== What you should do ==
Only the pictures are to be left out; write out the rest of the data exactly.

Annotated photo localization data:

· · ·

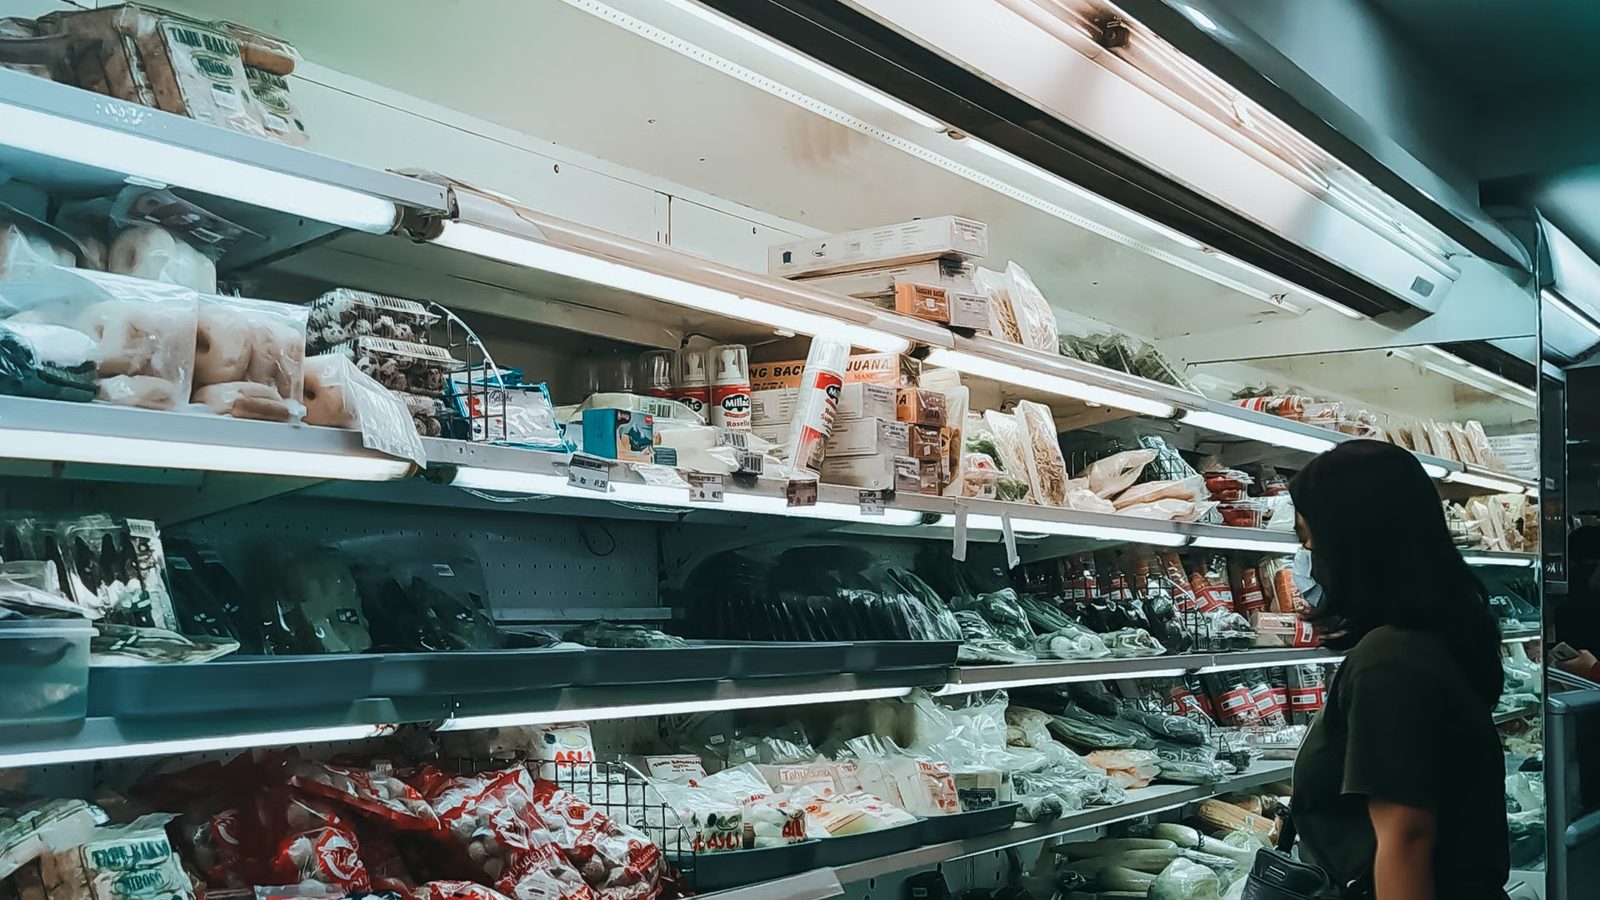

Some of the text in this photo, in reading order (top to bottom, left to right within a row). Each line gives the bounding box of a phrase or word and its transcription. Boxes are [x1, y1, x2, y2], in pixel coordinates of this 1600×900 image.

[168, 27, 240, 58] TAHU BAKSO
[724, 397, 750, 409] Millac
[706, 831, 740, 850] ASLI
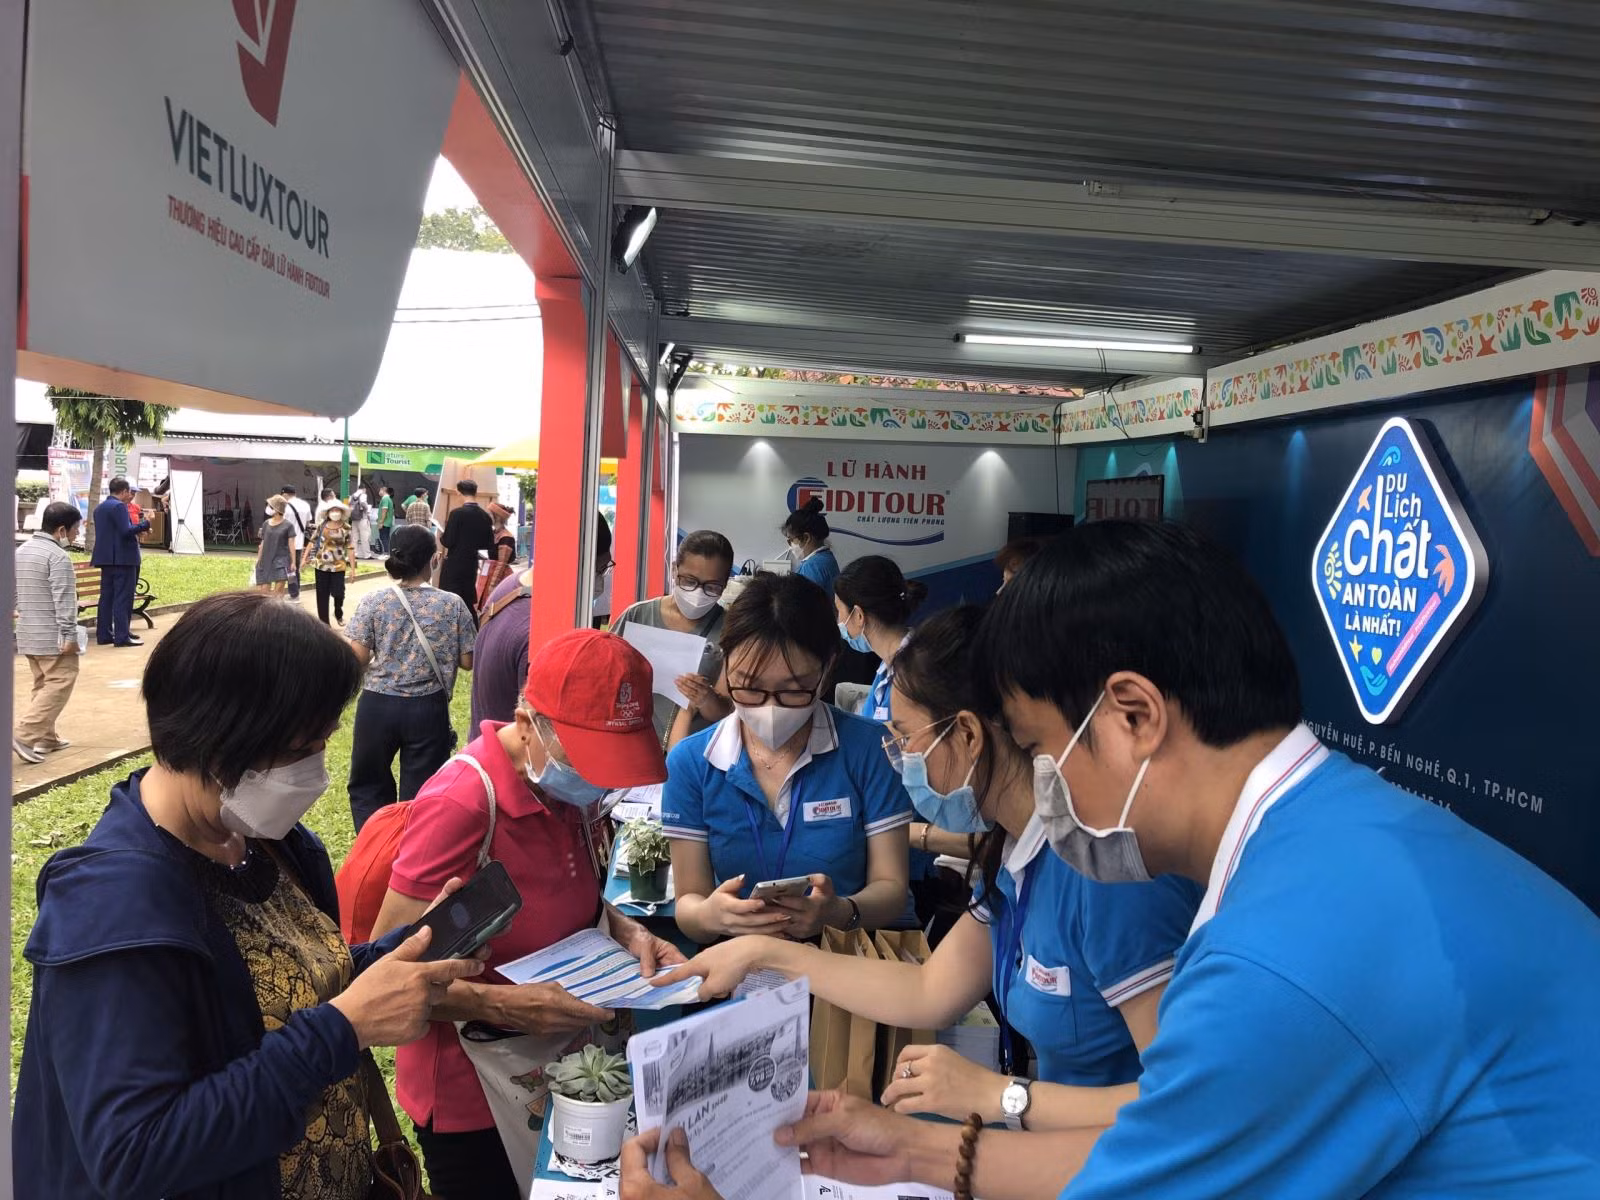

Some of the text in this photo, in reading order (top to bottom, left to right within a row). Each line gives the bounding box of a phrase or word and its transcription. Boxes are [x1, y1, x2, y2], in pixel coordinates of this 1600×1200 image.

[163, 95, 329, 258] VIETLUXTOUR
[167, 194, 205, 235] THƯƠNG
[207, 216, 226, 248] HIỆU
[228, 229, 244, 256] CAO
[246, 236, 260, 263] CẤP
[261, 244, 275, 272] CỦA
[115, 439, 127, 480] OURIS
[386, 457, 411, 465] Tourist
[827, 459, 926, 481] LỮ HÀNH
[1386, 473, 1408, 493] DU
[1383, 492, 1422, 524] Lịch
[1343, 474, 1432, 580] Chất
[1341, 580, 1417, 612] AN TOÀN
[1344, 610, 1361, 631] LÀ
[1362, 612, 1401, 637] NHẤT!
[1483, 779, 1543, 814] TP.HCM

· · ·

== Result of the task ==
Some of the text in this photo, in reading order (top to bottom, left to right within a row). Each line gives the bounding box of a phrase or word and its transcription. Boxes are [x1, y1, x2, y2], in pixel coordinates of this 1600×900 image.

[168, 27, 240, 58] TAHU BAKSO
[724, 397, 750, 409] Millac
[706, 831, 740, 850] ASLI

Some of the text in this photo, in reading order (top to bottom, left to right within a row). Each line gives the bounding box of a phrase or word and its transcription. Boxes are [x1, y1, x2, y2], in pixel coordinates of this 1600×1200 image.

[163, 95, 329, 258] VIETLUXTOUR
[167, 194, 205, 235] THƯƠNG
[207, 216, 226, 248] HIỆU
[228, 229, 244, 256] CAO
[246, 236, 260, 263] CẤP
[261, 244, 275, 272] CỦA
[115, 439, 127, 480] OURIS
[386, 457, 411, 465] Tourist
[827, 459, 926, 481] LỮ HÀNH
[1386, 473, 1408, 493] DU
[1383, 492, 1422, 524] Lịch
[1343, 474, 1432, 580] Chất
[1341, 580, 1417, 612] AN TOÀN
[1344, 610, 1361, 631] LÀ
[1362, 612, 1401, 637] NHẤT!
[1483, 779, 1543, 814] TP.HCM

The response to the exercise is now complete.